## Work item
After locating the line containing "this 2000×924 image." in the entries below, please write out that line and the rest through the end exactly. Omit pictures.

## Data extracted from a collection
▬▬▬▬▬▬▬▬▬▬

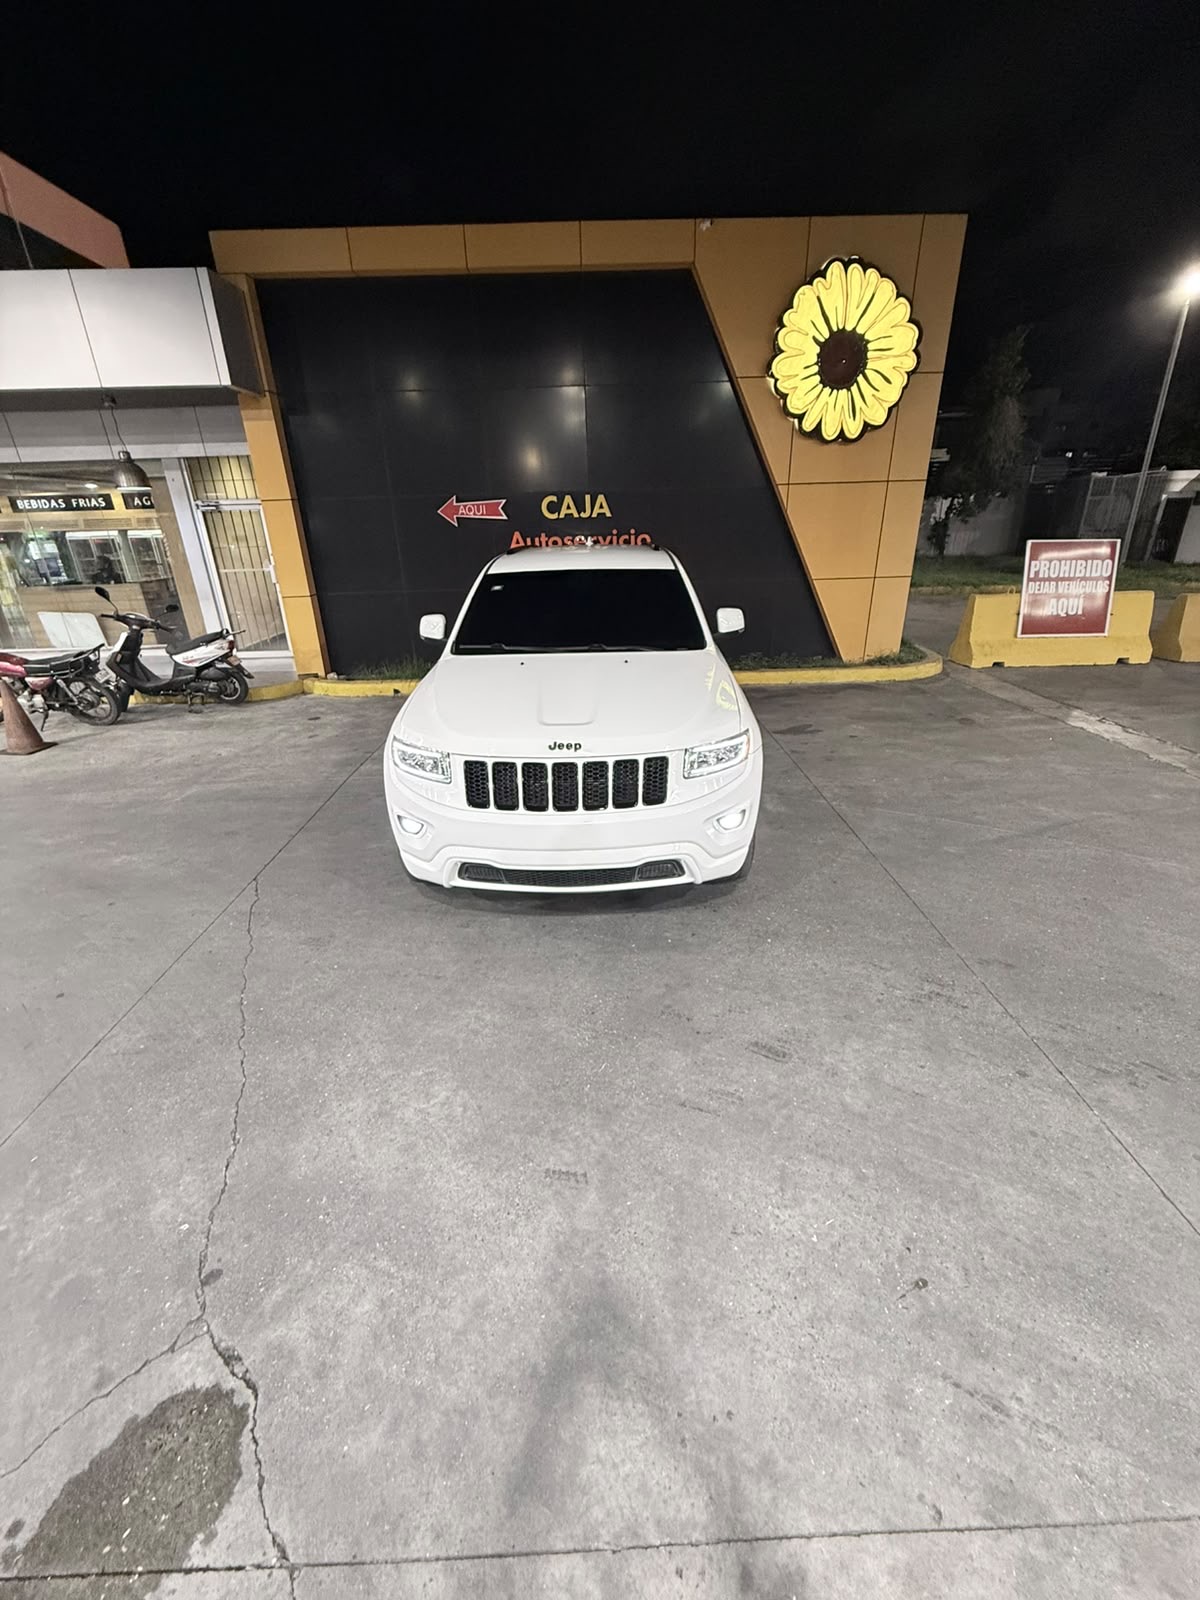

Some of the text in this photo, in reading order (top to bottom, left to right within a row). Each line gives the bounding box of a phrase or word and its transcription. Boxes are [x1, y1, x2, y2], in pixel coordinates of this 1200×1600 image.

[16, 497, 106, 510] BEBIDAS FRIAS
[134, 496, 155, 506] AG
[541, 494, 612, 520] CAJA
[458, 504, 487, 516] AQUI
[1029, 559, 1113, 578] PROHIBIDO
[1028, 579, 1110, 594] DEJAR VEHÍCULOS
[1049, 595, 1084, 617] AQUÍ
[548, 741, 582, 752] Jeep
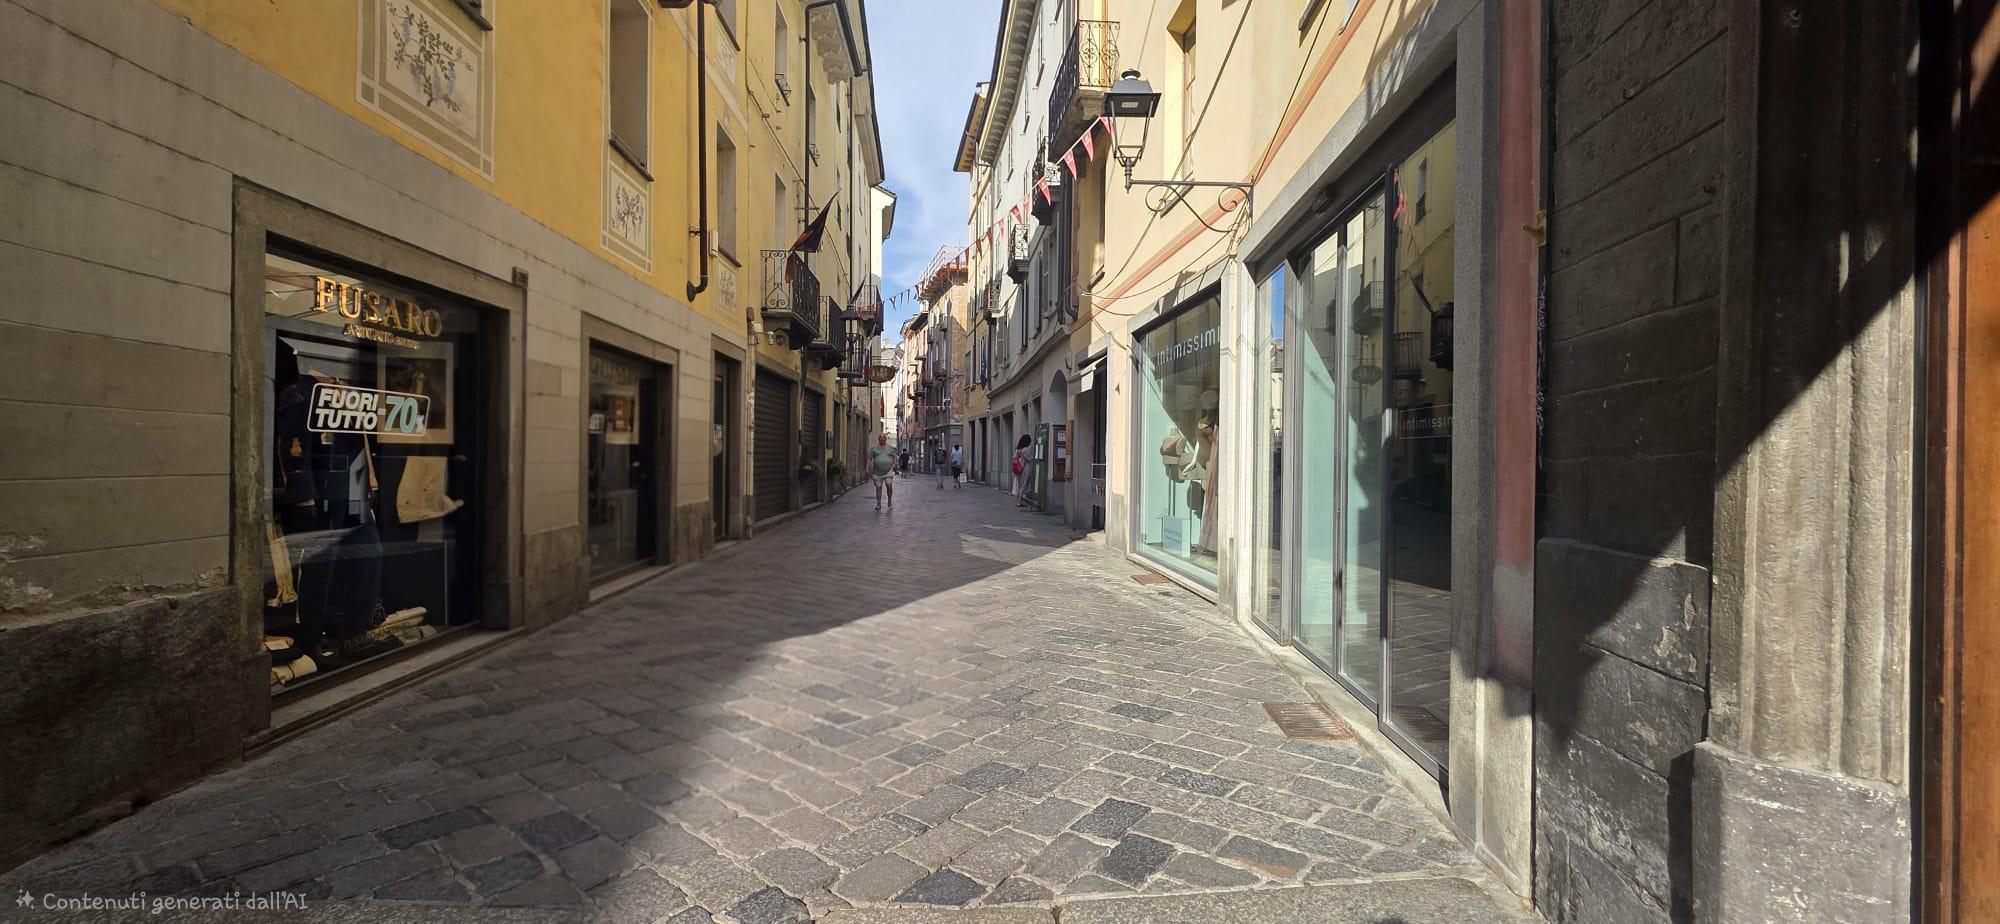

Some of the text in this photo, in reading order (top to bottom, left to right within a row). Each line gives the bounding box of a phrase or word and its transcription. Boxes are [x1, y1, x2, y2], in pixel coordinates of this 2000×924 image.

[313, 276, 442, 337] FUSARO
[318, 388, 379, 412] FUORI
[315, 407, 378, 430] TUTTO
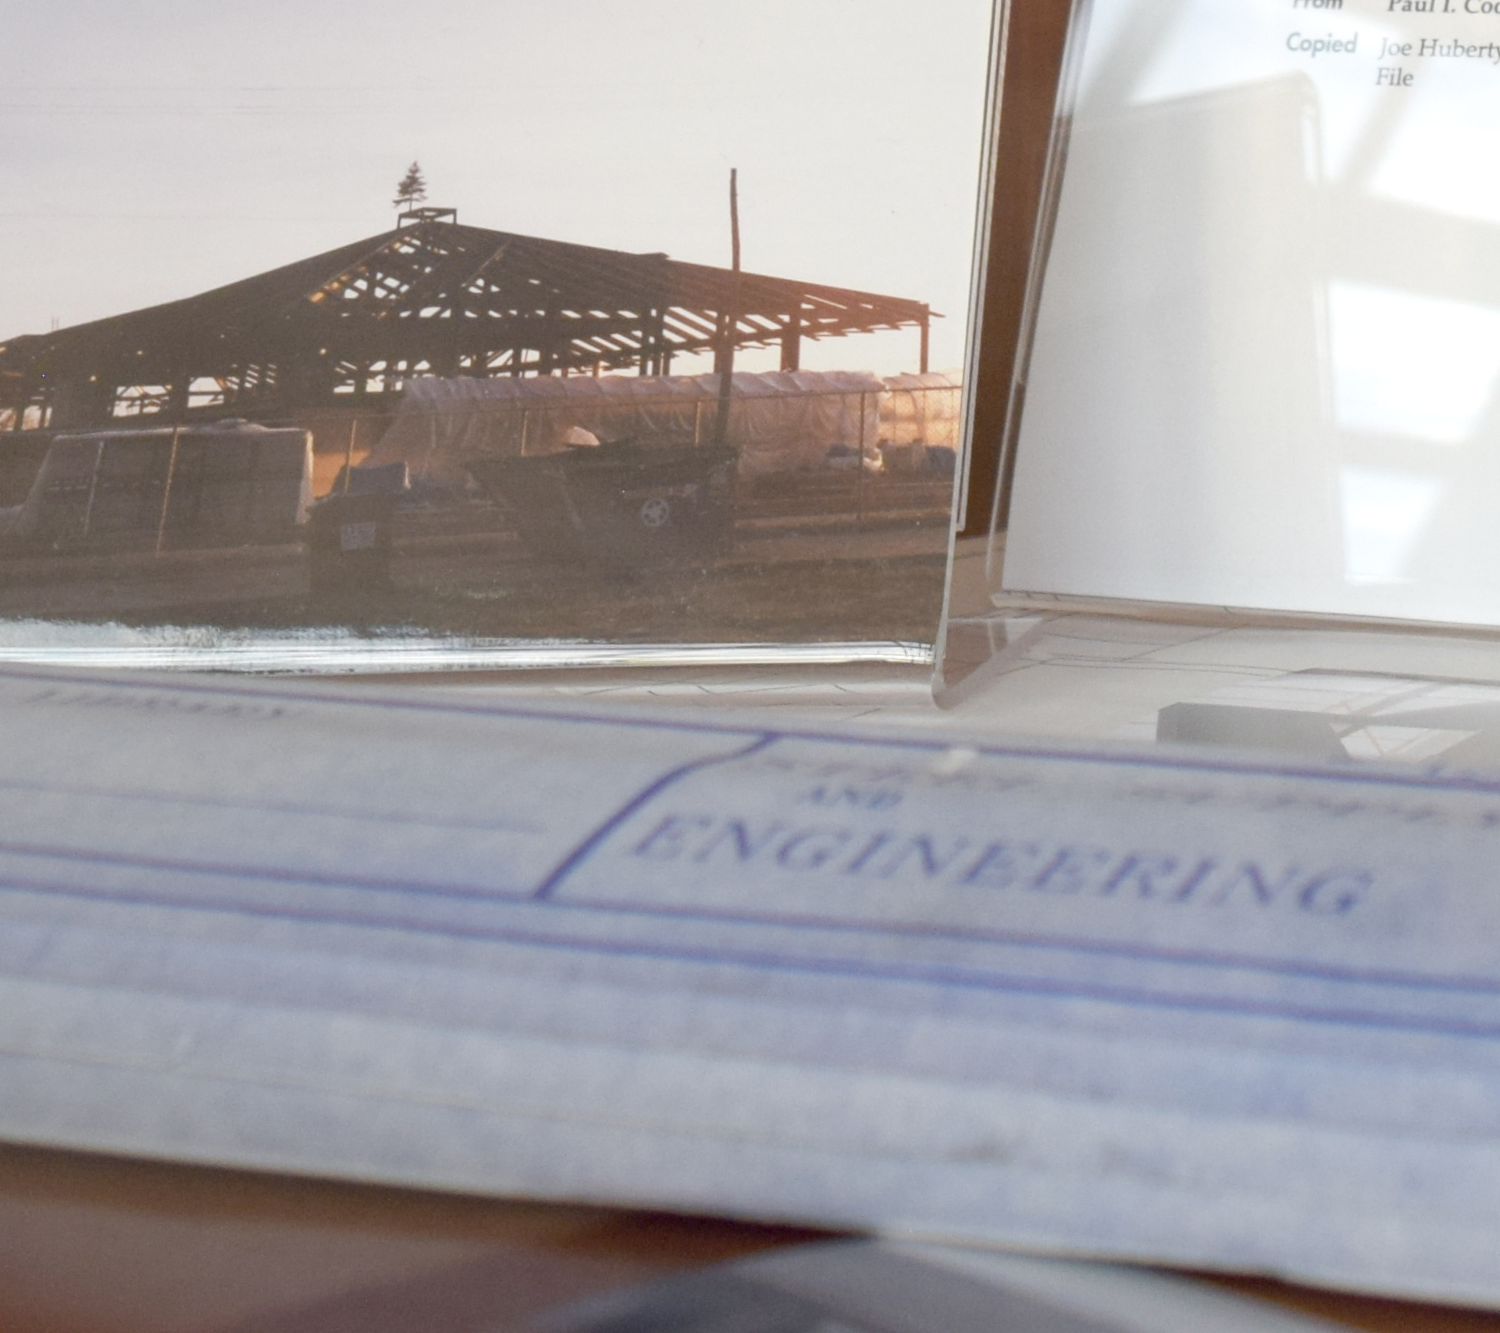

▬▬▬▬▬▬▬▬▬▬

## Task output
Some of the text in this photo, in reading order (top to bottom, left to right within a row). Each line gives the bounding box of a phrase or word and its transcription. Boxes are [x1, y1, x2, y2], in pixel coordinates of this 2000×924 image.

[313, 276, 442, 337] FUSARO
[318, 388, 379, 412] FUORI
[315, 407, 378, 430] TUTTO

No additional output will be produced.